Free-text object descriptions
* * * * * * * * *

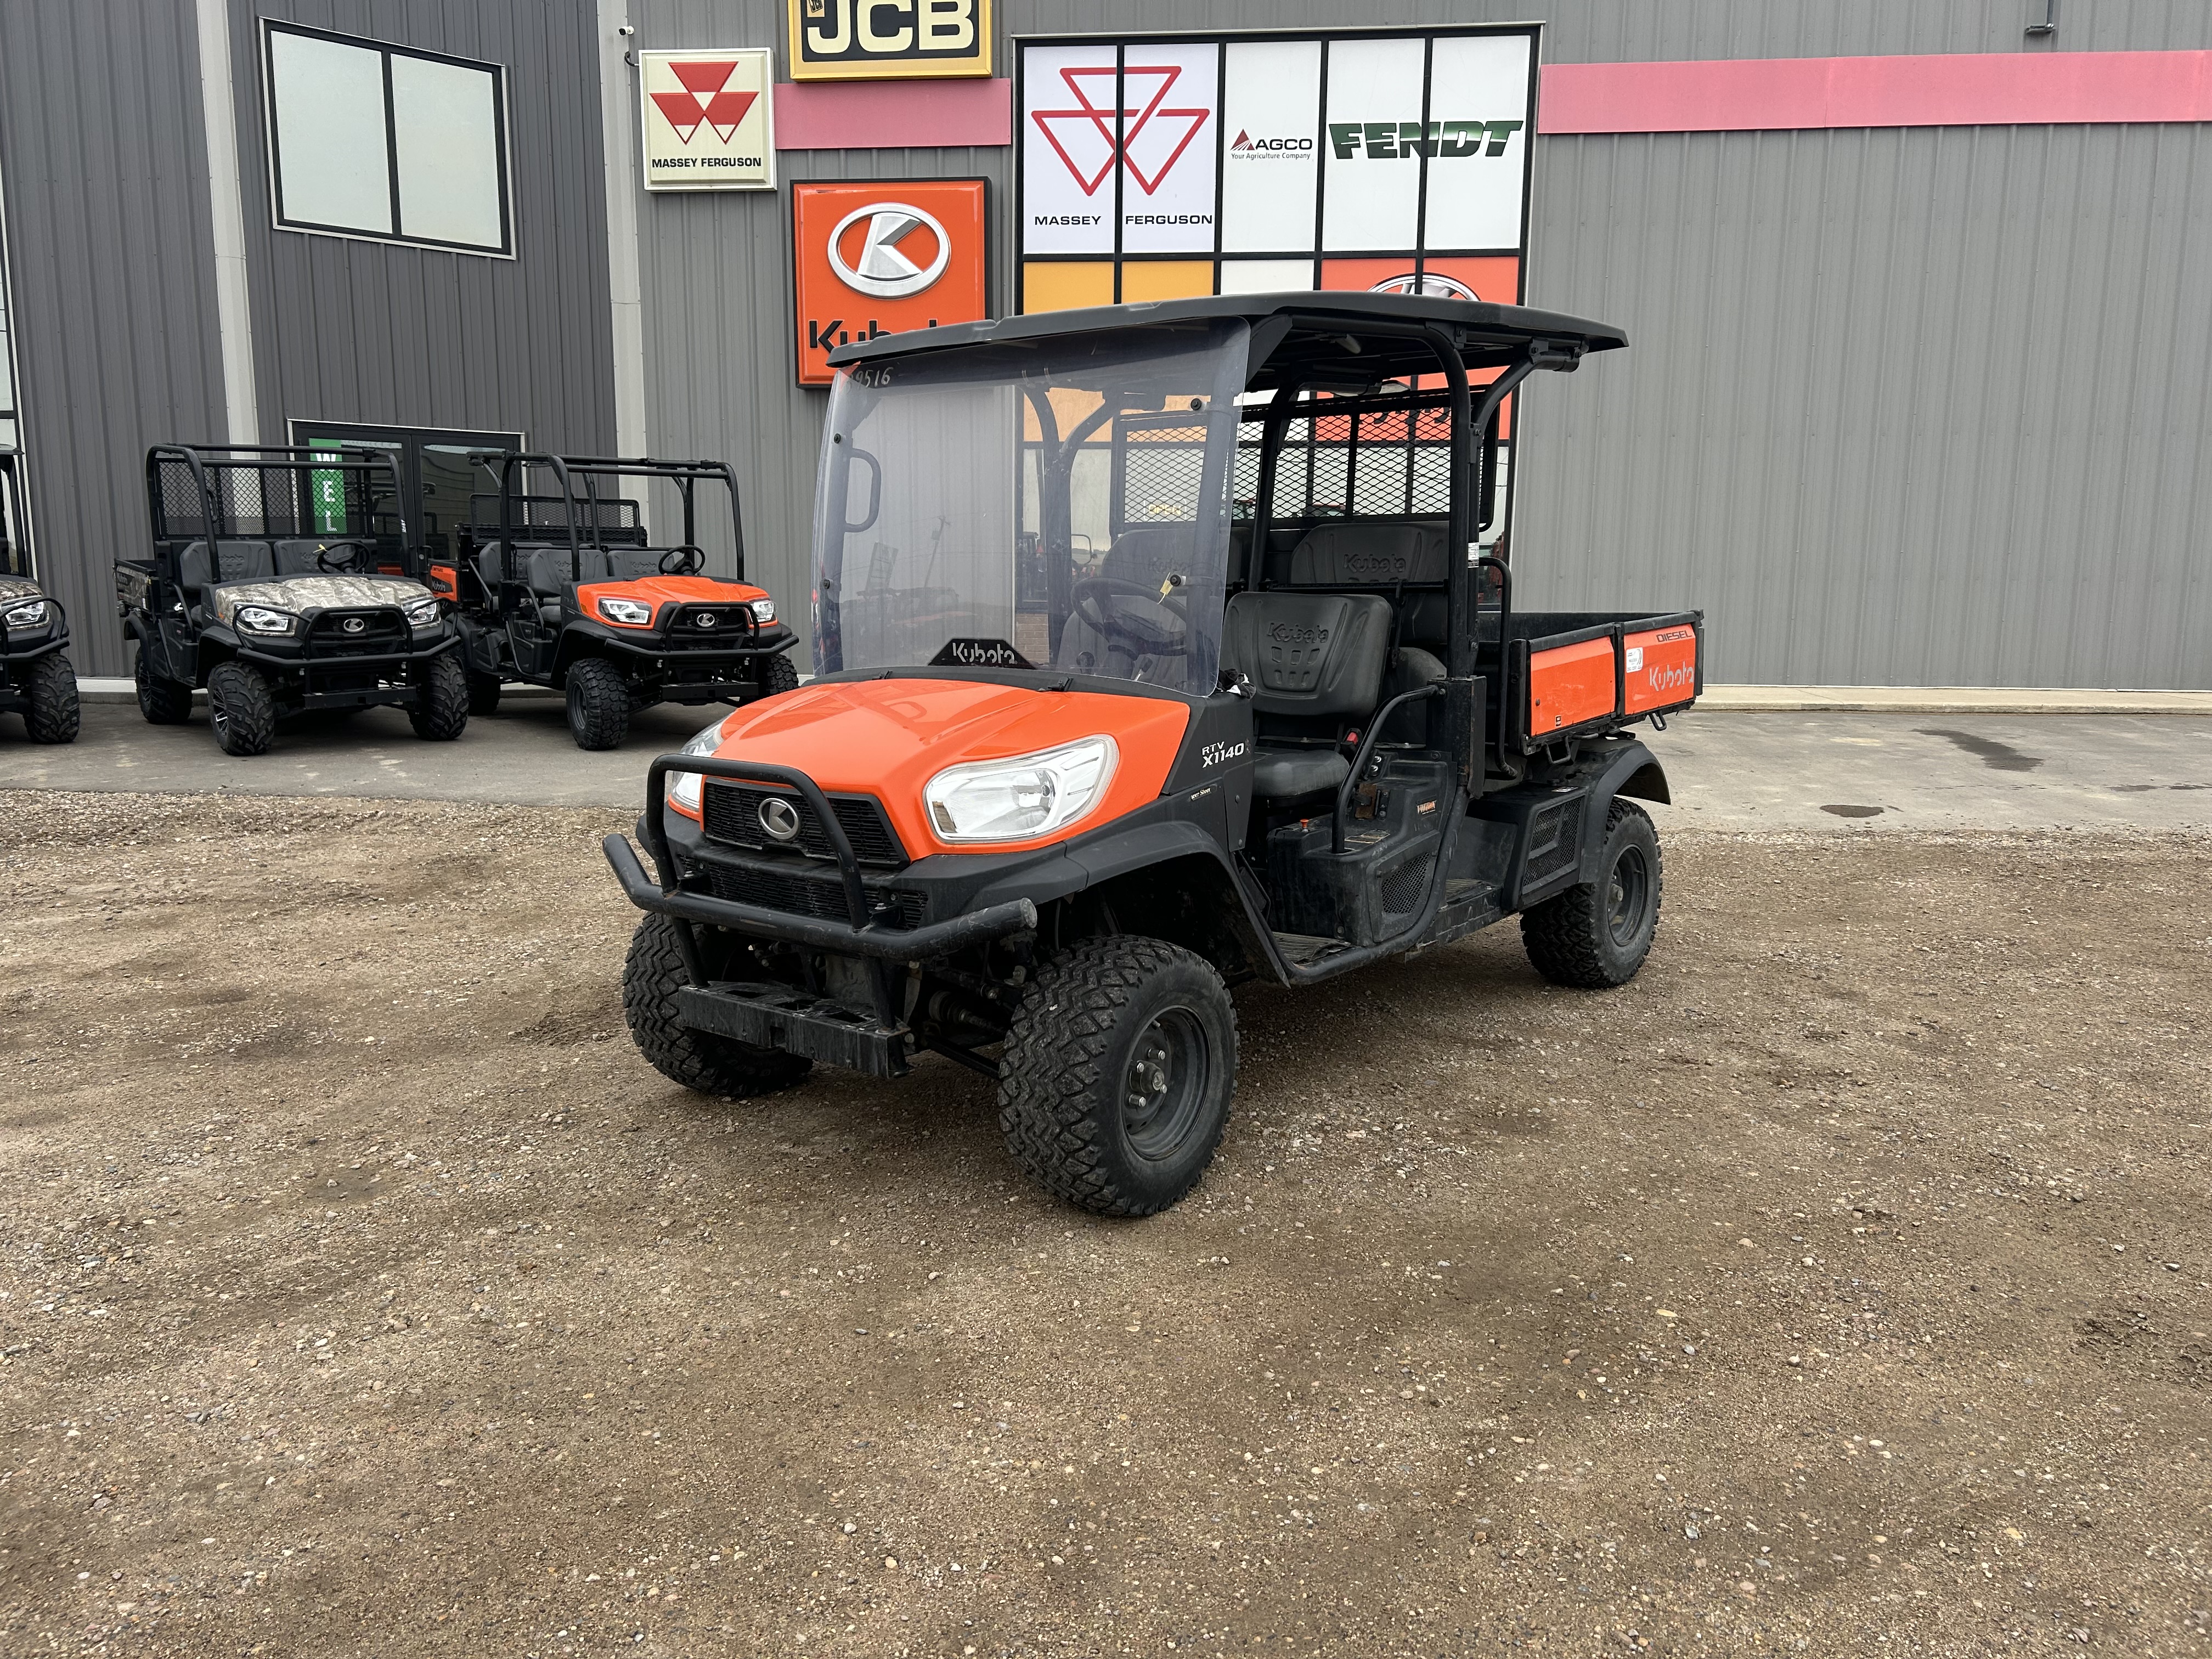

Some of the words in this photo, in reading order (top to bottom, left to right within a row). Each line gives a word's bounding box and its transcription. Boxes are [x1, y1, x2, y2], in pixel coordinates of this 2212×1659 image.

[807, 0, 974, 54] JCB
[1255, 139, 1312, 150] AGCO
[1329, 120, 1523, 159] FENDT
[652, 158, 698, 168] MASSEY
[701, 157, 761, 167] FERGUSON
[1035, 216, 1101, 225] MASSEY
[1125, 215, 1212, 224] FERGUSON
[1656, 630, 1692, 642] DIESEL
[952, 642, 1015, 664] Kubota
[1649, 661, 1694, 691] Kubota
[1201, 741, 1224, 755] RTV
[1202, 743, 1244, 768] X1140
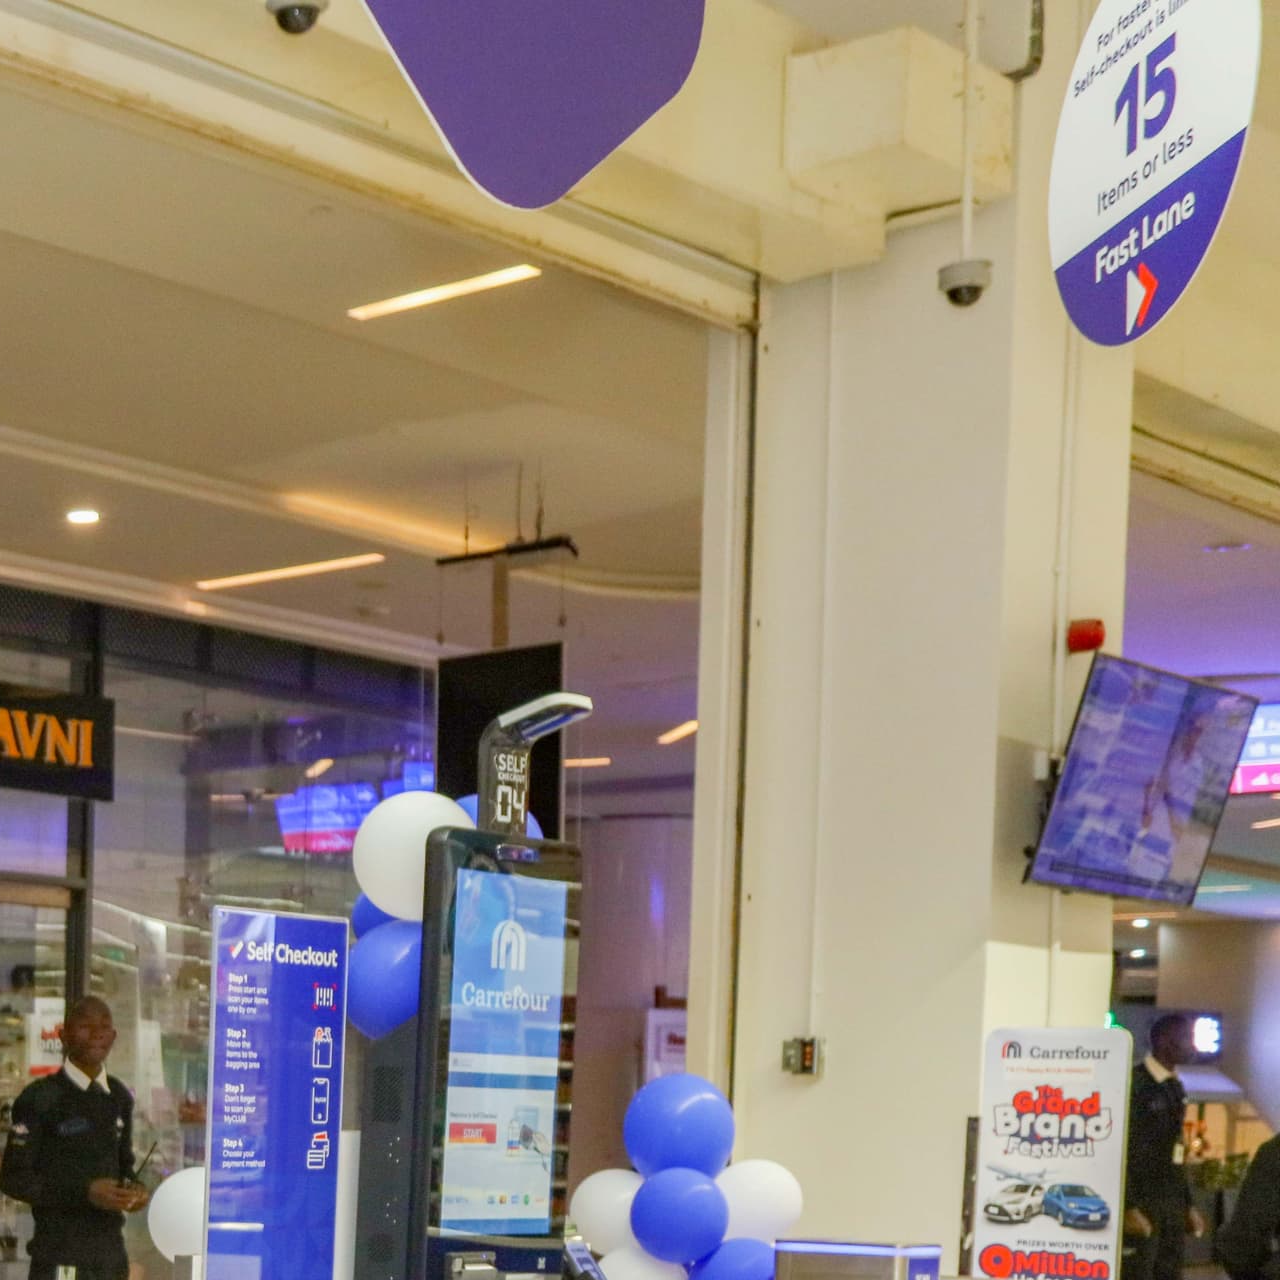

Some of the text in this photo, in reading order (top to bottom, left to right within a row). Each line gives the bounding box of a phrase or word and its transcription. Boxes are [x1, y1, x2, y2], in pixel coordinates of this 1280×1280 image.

[1096, 28, 1114, 53] For
[1074, 22, 1153, 98] Self-checkout
[1114, 32, 1176, 156] 15
[1097, 127, 1193, 215] Items or less
[1095, 192, 1195, 283] Fast Lane
[498, 754, 526, 773] SELF
[496, 785, 525, 823] 04
[247, 941, 338, 967] Self Checkout
[229, 973, 242, 984] Step
[461, 981, 550, 1012] Carrefour
[227, 1028, 240, 1039] Step
[1030, 1046, 1109, 1060] Carrefour
[225, 1083, 244, 1094] Step 3
[1036, 1084, 1062, 1098] The
[1013, 1091, 1101, 1117] Grand
[993, 1105, 1112, 1141] Brand
[223, 1138, 242, 1149] Step 4
[1008, 1136, 1095, 1158] Festival
[1017, 1239, 1109, 1250] PRIZES WORTH OVER
[1016, 1249, 1109, 1280] Million

* * * * * * * * *

» ABOUT THIS TASK: The pictures should be dropped, and every line above should be set down again exactly.

» WORKED SOLUTION:
Some of the words in this photo, in reading order (top to bottom, left to right within a row). Each line gives a word's bounding box and its transcription. Boxes are [x1, y1, x2, y2], in pixel coordinates of this 2212×1659 image.

[807, 0, 974, 54] JCB
[1255, 139, 1312, 150] AGCO
[1329, 120, 1523, 159] FENDT
[652, 158, 698, 168] MASSEY
[701, 157, 761, 167] FERGUSON
[1035, 216, 1101, 225] MASSEY
[1125, 215, 1212, 224] FERGUSON
[1656, 630, 1692, 642] DIESEL
[952, 642, 1015, 664] Kubota
[1649, 661, 1694, 691] Kubota
[1201, 741, 1224, 755] RTV
[1202, 743, 1244, 768] X1140

Some of the text in this photo, in reading order (top to bottom, left to right within a row). Each line gives the bounding box of a phrase or word and its transcription. Boxes are [x1, y1, x2, y2], in pixel coordinates of this 1280×1280 image.

[1096, 28, 1114, 53] For
[1074, 22, 1153, 98] Self-checkout
[1114, 32, 1176, 156] 15
[1097, 127, 1193, 215] Items or less
[1095, 192, 1195, 283] Fast Lane
[498, 754, 526, 773] SELF
[496, 785, 525, 823] 04
[247, 941, 338, 967] Self Checkout
[229, 973, 242, 984] Step
[461, 981, 550, 1012] Carrefour
[227, 1028, 240, 1039] Step
[1030, 1046, 1109, 1060] Carrefour
[225, 1083, 244, 1094] Step 3
[1036, 1084, 1062, 1098] The
[1013, 1091, 1101, 1117] Grand
[993, 1105, 1112, 1141] Brand
[223, 1138, 242, 1149] Step 4
[1008, 1136, 1095, 1158] Festival
[1017, 1239, 1109, 1250] PRIZES WORTH OVER
[1016, 1249, 1109, 1280] Million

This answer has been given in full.